Festival Un état du monde | Critique : Courage

Maryna, Pavel et Denis font partie d’une troupe de théâtre clandestine à Minsk. Suite aux élections présidentielles de 2020, ils participent aux manifestions pacifiques qui rassemblent des milliers de personne. Ce qui les unit, c’est l’espoir de la liberté d’expression et de la démocratie.

 

Courage
Biélorussie, 2021
De Aliaksei Paluyan

Sortie : –

Durée : 1h30

Note :

EN PREMIÈRES LIGNES

Tout premier film biélorusse sélectionné à la Berlinale, le documentaire Courage raconte tout d’abord la vie quotidienne des membres du “Belarus Free Theatre”, une troupe de théâtre clandestine de Minsk. Tous ou presque ont pour point commun d’avoir été rejetés et blacklistés de l’industrie nationale du cinéma, d’avoir subi des arrestations et des menaces, voire d’avoir été accusé de satanisme par les autorités. Guidés dans leurs répétitions par un metteur en scène exilé à l’étranger (et qui les dirige donc par Skype), ils mettent en scènes les grimaces et les sourires forcés du régime dictatorial de Loukachenko, mais aussi ses pratiques de la torture, car « l’heure n’est plus à dire les choses à demi-mots ».

L’heure en question c’est celle des élections de 2020 et du soulèvement populaire qui leur a succédé : des manifestations pacifistes mais durement réprimandées, rassemblant des foules d’une taille si colossale qu’on dirait que c’est toute une capitale qui est descendue dans la rue, le poing levé avec fierté et détermination. Ces manifestations pleines d’un espoir brûlant et contagieux, les protagonistes de Courage y participent activement, de même que le réalisateur du film, Aliaksei Paluyan (dont c’est le tout premier long métrage, lire notre entretien).

Paluyan donne ici à voir de très nombreuses images de liesse, de courage mais aussi de peur collective dont l’échelle donne le vertige. Quasiment tournées en vue subjective, ces images nous donnent à vivre la révolution de l’intérieur, sans artifice nécessaire. La libération des jeunes manifestants à leur sortie de prison fait sans doute partie des séquences les plus émouvantes vues cette année à Berlin. Combien de films peuvent se vanter de présenter des images aussi intrinsèquement puissantes, en particulier en provenance d’un pays dont quasiment aucune image ne nous parvient ?

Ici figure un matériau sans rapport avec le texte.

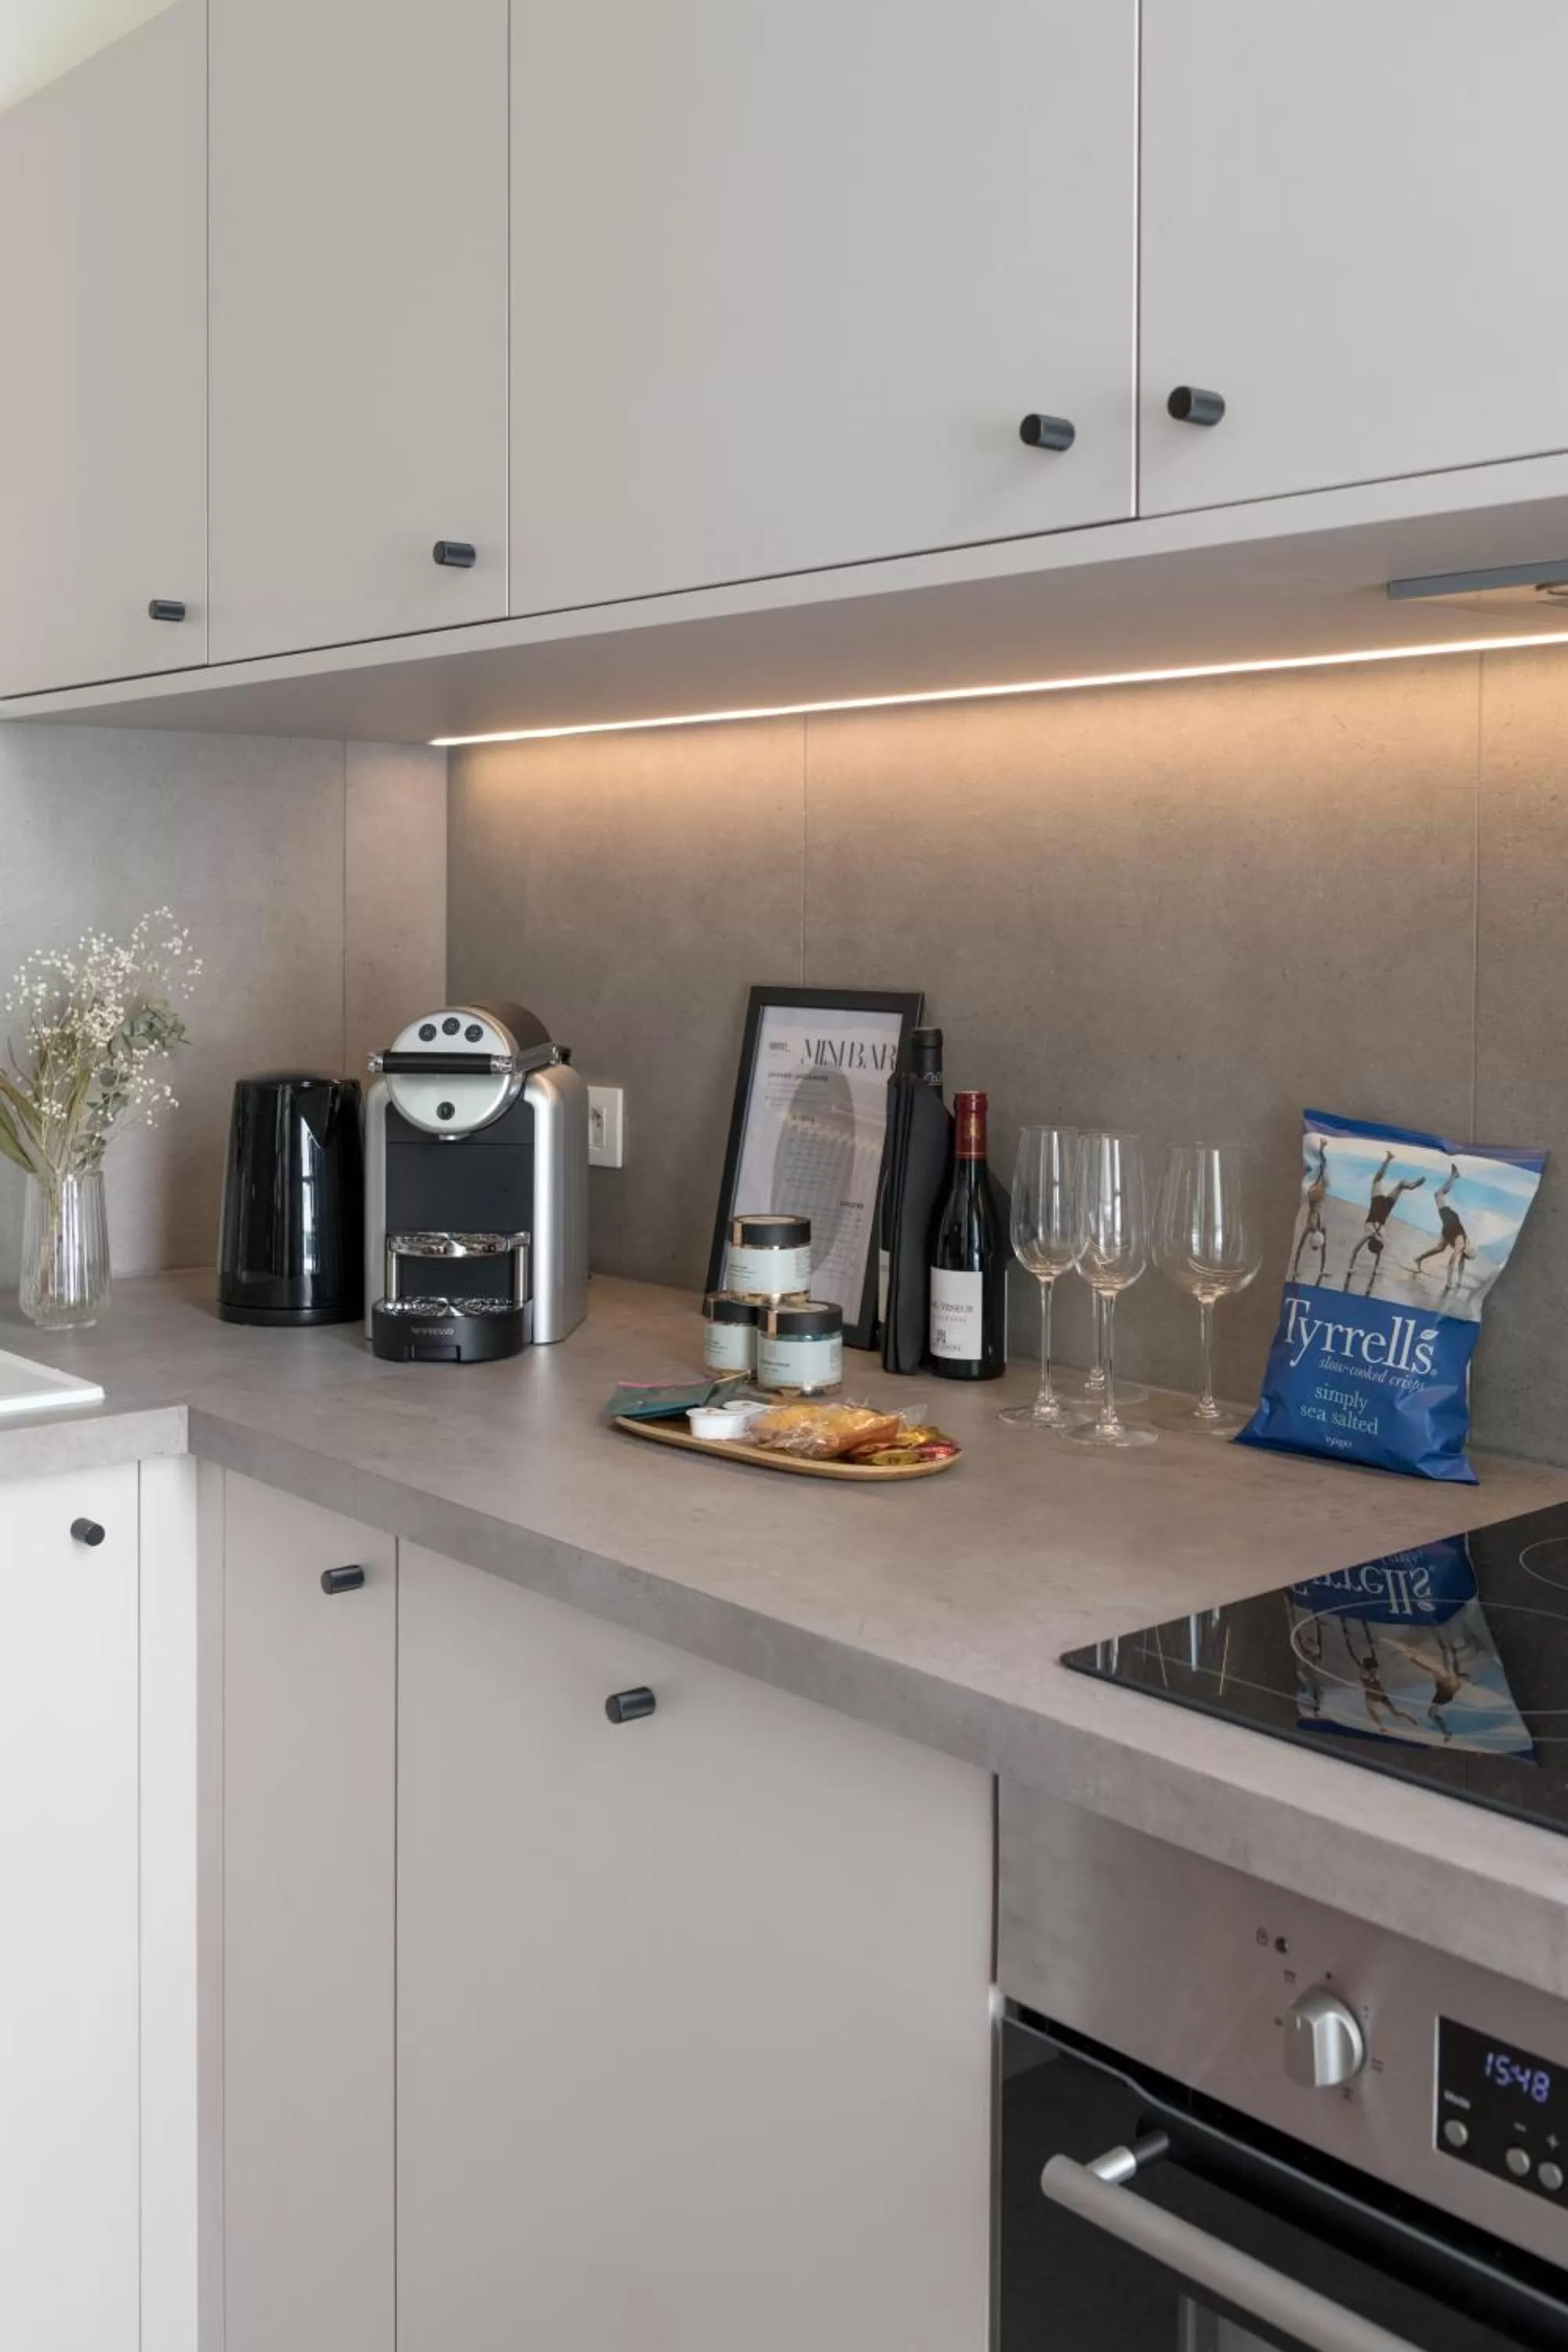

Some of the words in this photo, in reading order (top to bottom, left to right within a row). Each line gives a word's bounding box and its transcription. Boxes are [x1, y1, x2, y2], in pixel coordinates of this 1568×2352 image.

[1314, 1382, 1368, 1414] simply
[1298, 1403, 1327, 1422] sea
[1331, 1410, 1378, 1436] salted

Le cinéaste et ses protagonistes partagent en filigrane une autre interrogation. Comment représenter un événement historique au moment-même où il se déroule ? Quelle part de mise en scène peut-on se permettre et doit-on assumer ? Le réalisateur fait le choix de la retransmission presque en direct, tandis que les comédiens sont contraint de poursuivre les répétitions avec la possibilité d’être arrêtés, conduit à la frontière ou tués à tout moment. Dans cet état d’urgence, la question de la bonne distance à trouver ne donne qu’un casse-tête en guise de réponse, alors que des images d’archives viennent nous rappeler que cette dictature-là dure depuis 26 ans, soit une vie entière pour certains. Le courage que nous montre le film n’est donc pas uniquement propre à ces militants de la liberté d’expression, il est une qualité collective et irréductible.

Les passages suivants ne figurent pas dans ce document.